A new study has shown great potential for using robotic exoskeletons to physically train young sufferers of cerebral palsy to walk.
Cerebral palsy is an umbrella terms for a range of neurological and movement disorders that develop during early life. According to the Centre for Disease Control and Prevention, it is the most common motor disability in childhood, with global figures “ranging from 1.5 to more than 4 per 1,000 live births or children of a defined age range”.
Sufferers usually walk with their knees in constant flexion, in a gait known as ‘crouch gait’. This basically means that their legs cannot straighten fully as they walk. This is often treated using physical stimulation, injections and surgery.

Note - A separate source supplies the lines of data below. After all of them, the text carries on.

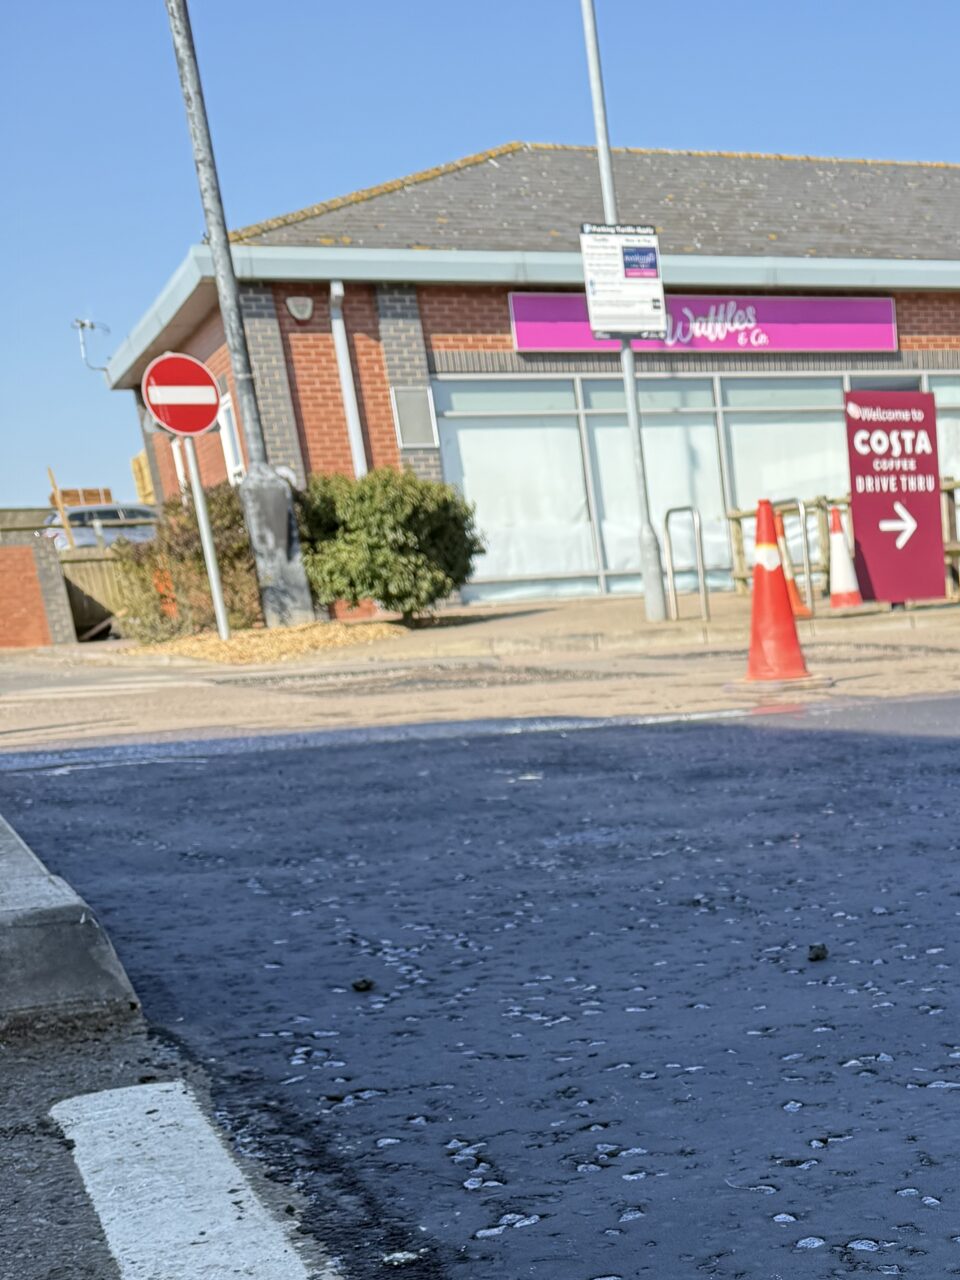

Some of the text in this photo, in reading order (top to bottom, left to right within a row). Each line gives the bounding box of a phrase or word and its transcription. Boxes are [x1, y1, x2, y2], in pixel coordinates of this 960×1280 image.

[664, 300, 756, 346] Waffles
[860, 406, 924, 422] Welcome to
[853, 429, 933, 457] COSTA
[872, 458, 917, 472] COFFEE
[855, 474, 935, 493] DRIVE THRU
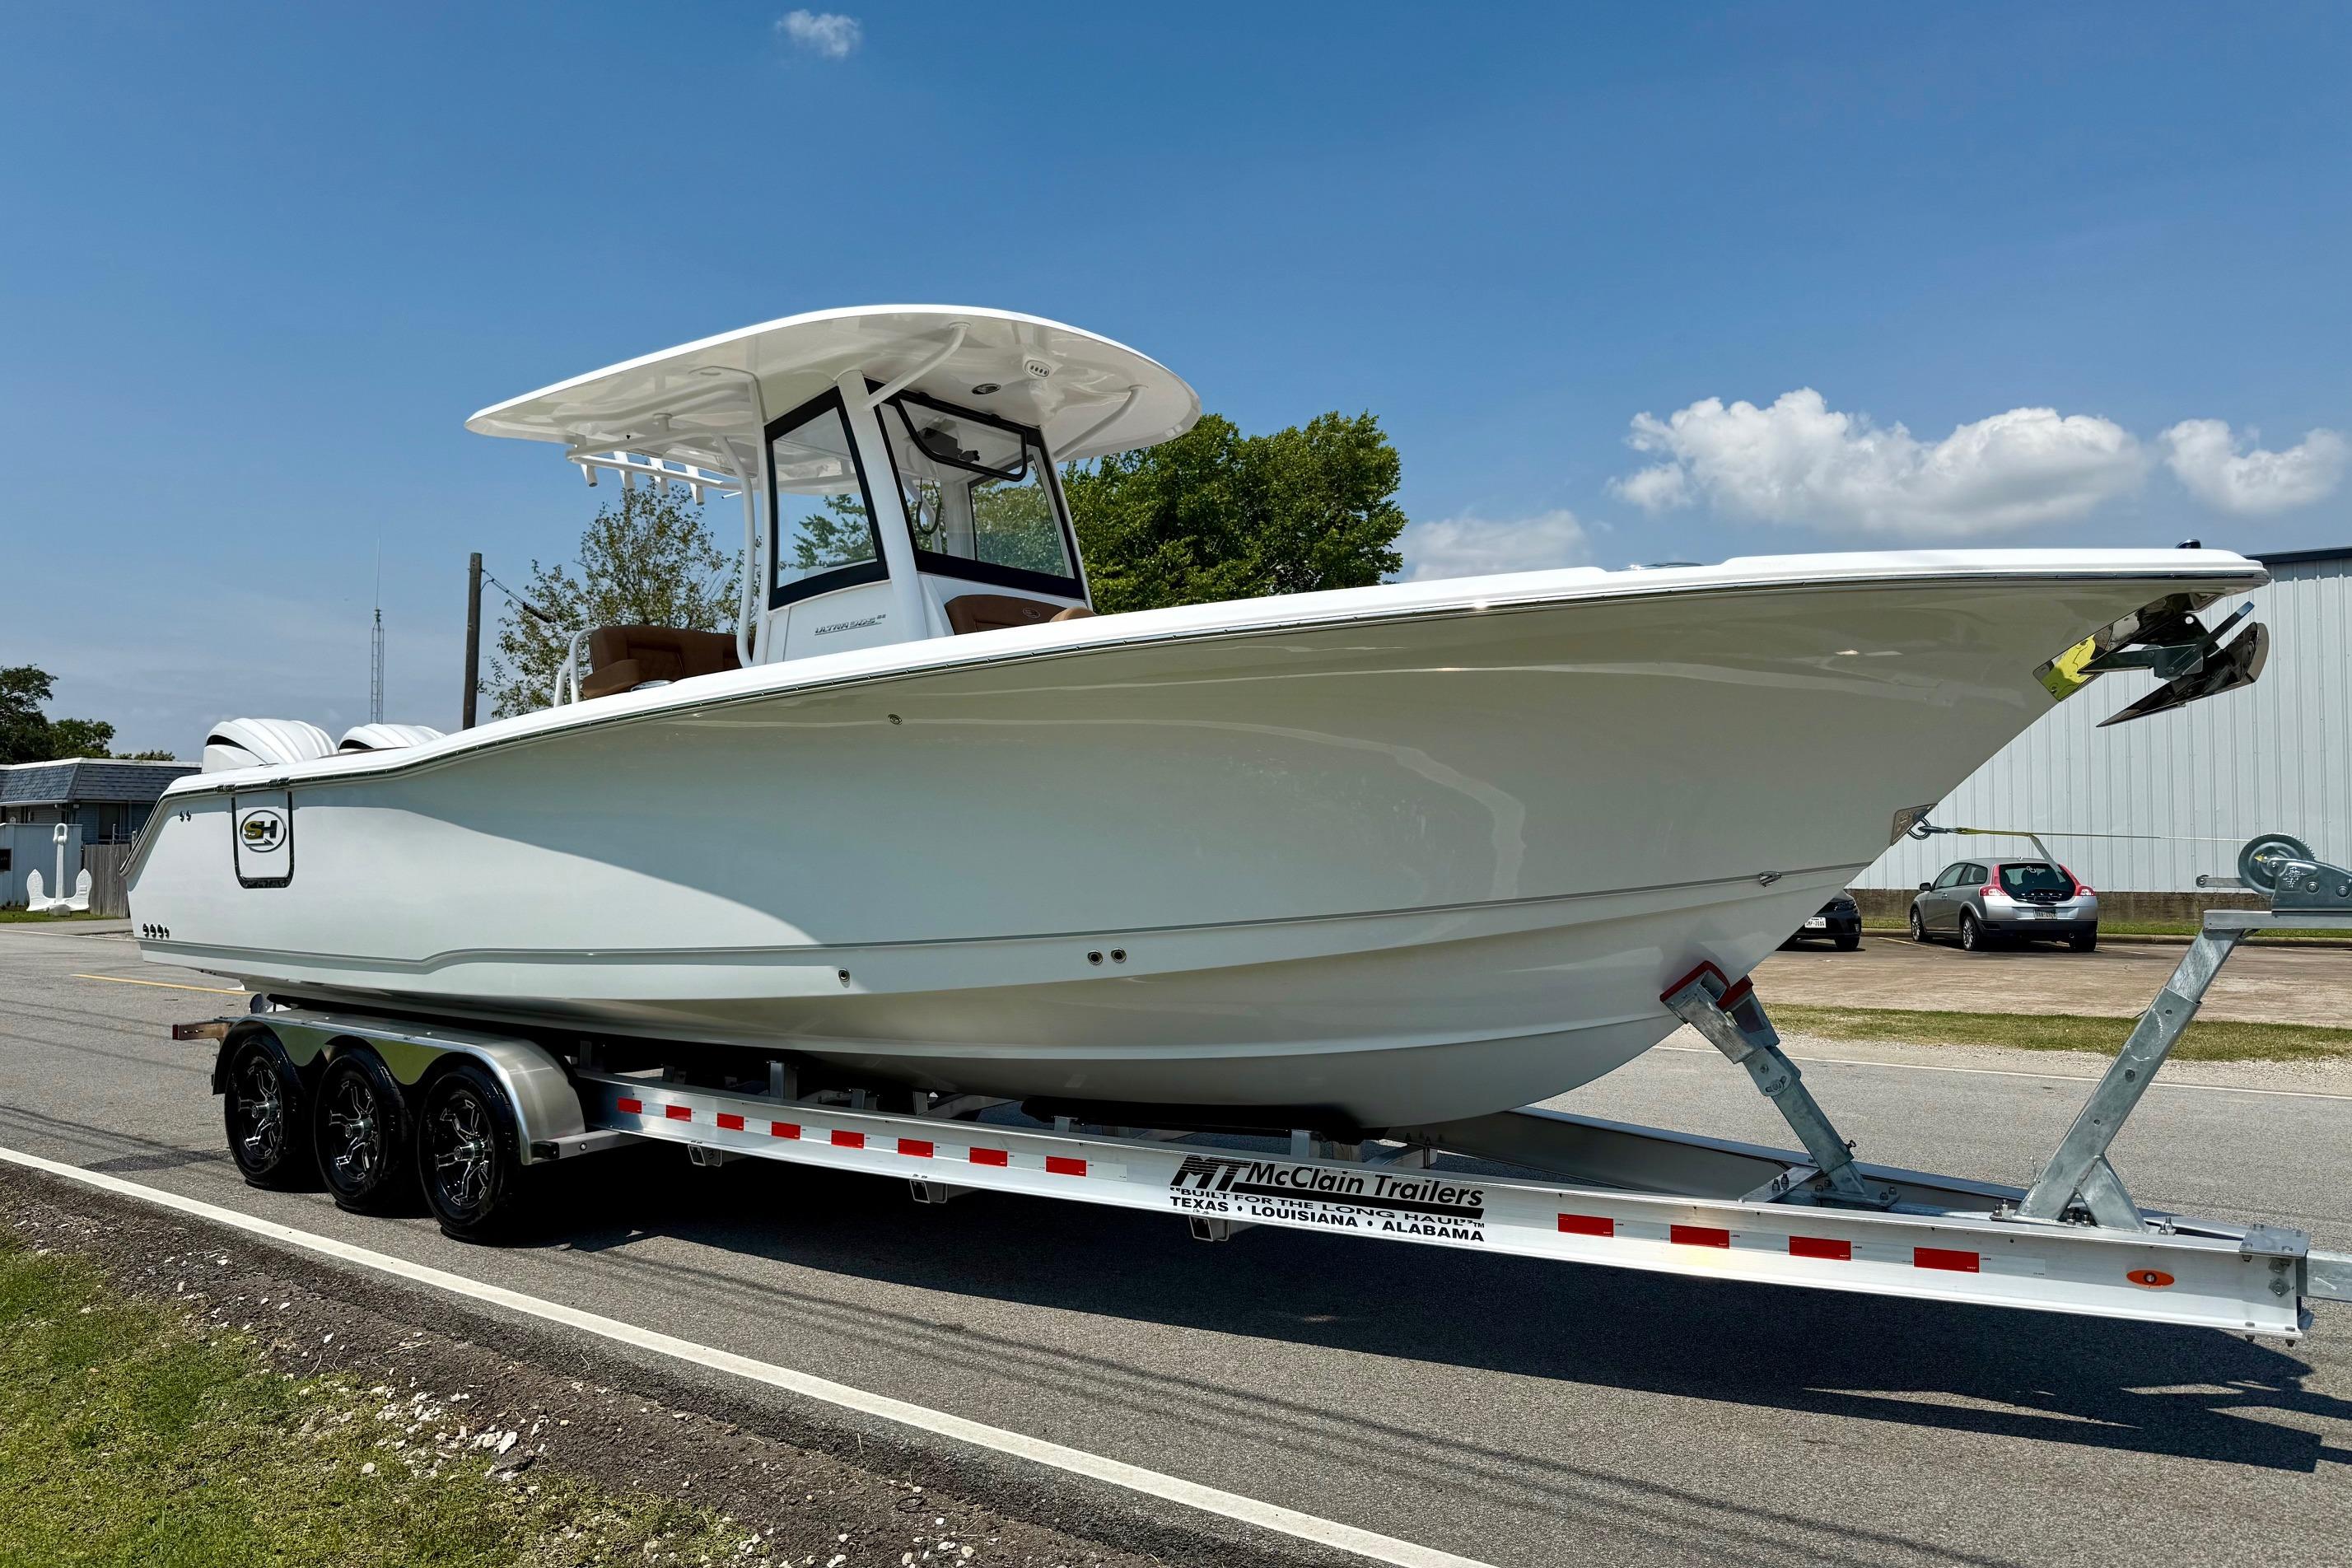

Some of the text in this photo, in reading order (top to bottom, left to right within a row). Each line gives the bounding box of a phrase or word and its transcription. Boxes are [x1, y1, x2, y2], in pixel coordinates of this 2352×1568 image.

[814, 622, 849, 633] ULTRA
[244, 819, 278, 840] SH
[1244, 1161, 1485, 1206] McClain Trailers
[1169, 1196, 1485, 1242] TEXAS LOUISIANA ALABAMA
[1234, 1194, 1273, 1205] FOR
[1277, 1199, 1314, 1209] THE
[1322, 1204, 1396, 1219] LONG
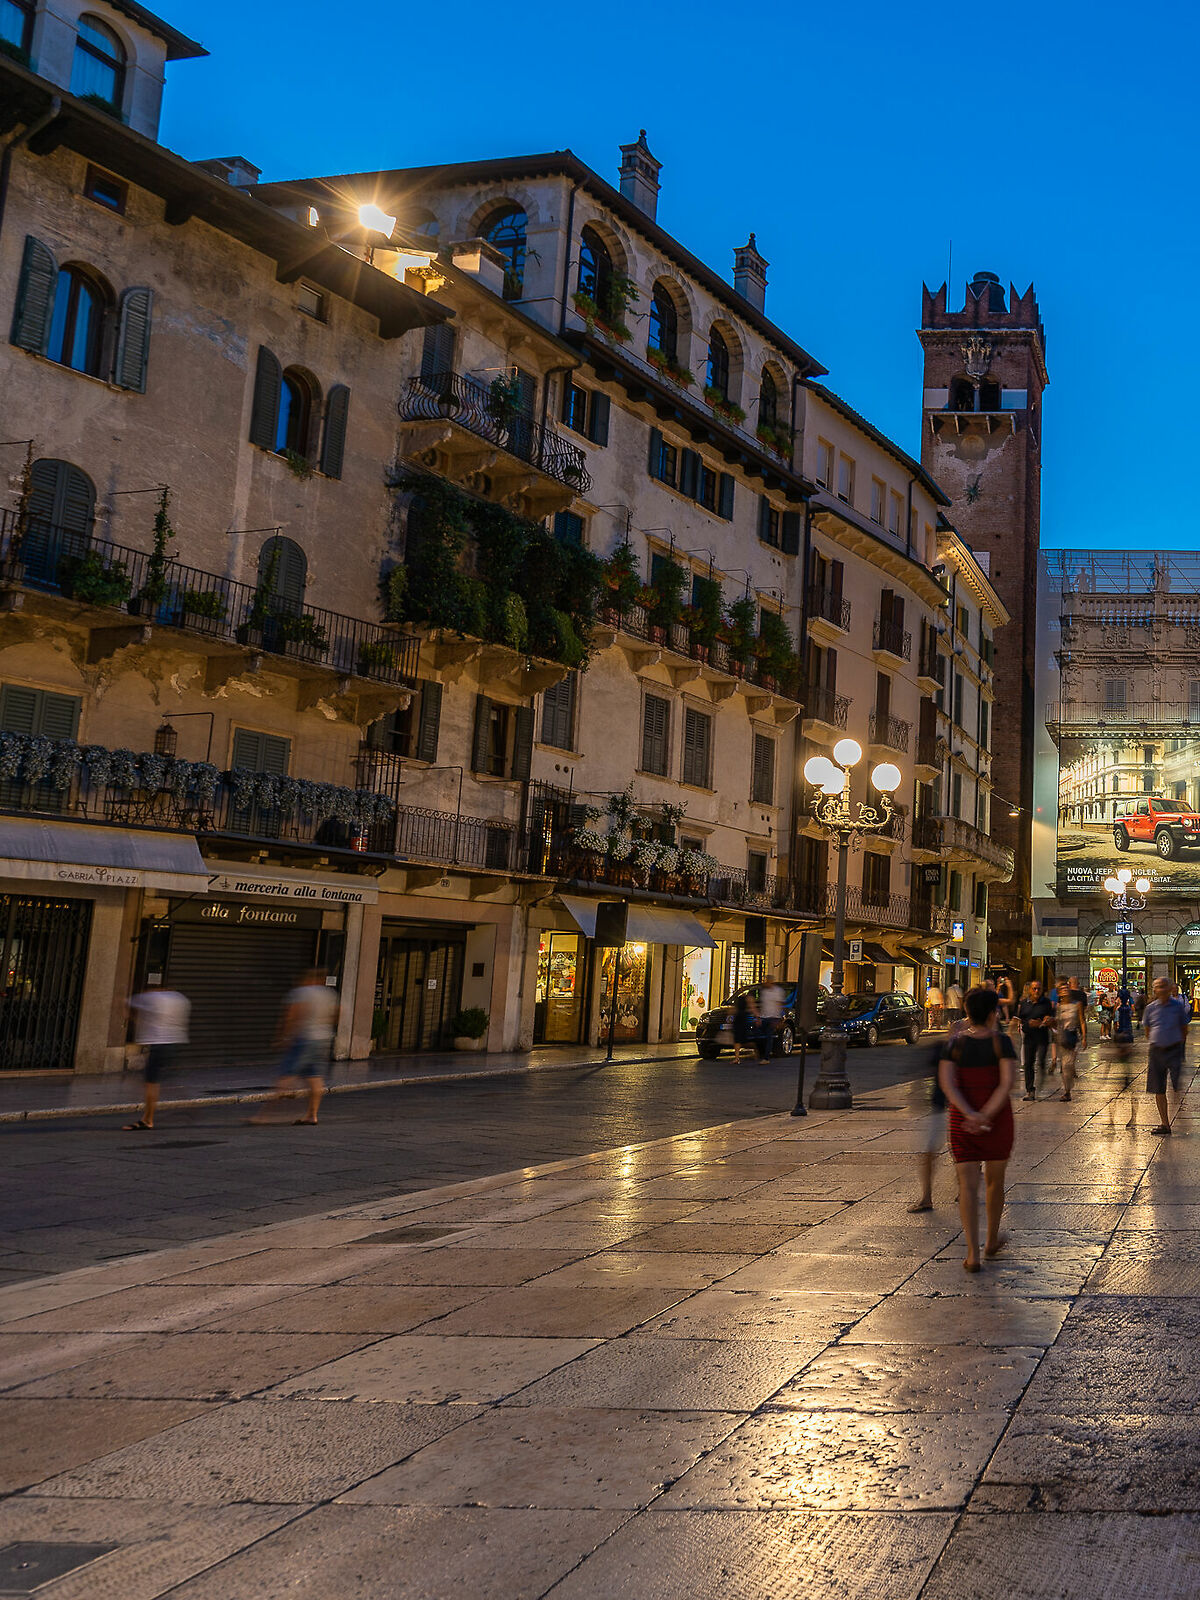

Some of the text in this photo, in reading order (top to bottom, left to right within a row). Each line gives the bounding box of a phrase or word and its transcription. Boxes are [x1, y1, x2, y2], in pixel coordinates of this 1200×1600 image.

[1067, 867, 1093, 875] NUOVA
[234, 882, 363, 902] merceria alla fontana
[201, 903, 298, 923] alla fontana

The problem is that even with the current treatments available, children with the debilitating condition still end up losing their mobility as they approach adulthood. According to the paper published from this study, half of all children with cerebral palsy completely lose the ability to walk by adulthood.
That is a dynamic change
The study, run a team of biomedical engineers of the National Institute of Health, hopes to prove that using robotic exoskeletons could help to train children’s bodies to keep their mobility into later life.
In tests, children who could already walk but suffered badly from crouch gait were given mechanical assistance as specific points in the walk-cycle to straighten their legs. According to the paper, “the exoskeleton dynamically changed the posture by introducing bursts of knee extension assistance during discrete portions of the walking cycle”.
Now for the really cool bit; the results showed that after six sessions, the children demonstrated “increased step length and gait speed”. What’s even more remarkable is that the paper claims: “Six of seven participants exhibited postural improvements equivalent to outcomes reported from invasive orthopedic surgery.”
While those improvements sound very impressive, the cost of having a robotic exoskeleton for every sufferer of this condition could soon become prohibitive. One of the authors of the paper thinks that this could potentially be unnecessary.
Talking to StatNews, Thomas Bulea, one of the paper's authors, said: “We want to transfer the walking patterns we see with the exoskeleton to walking without the exoskeleton. If we can correct or treat this crouch gait at a young age, then throughout their life, we may be able to increase their mobility.”
There is still much work that needs to be done before this could become a commonplace treatment for this widespread and debilitating condition, but it's fantastic to see advancements in technology able to help those who are most in need.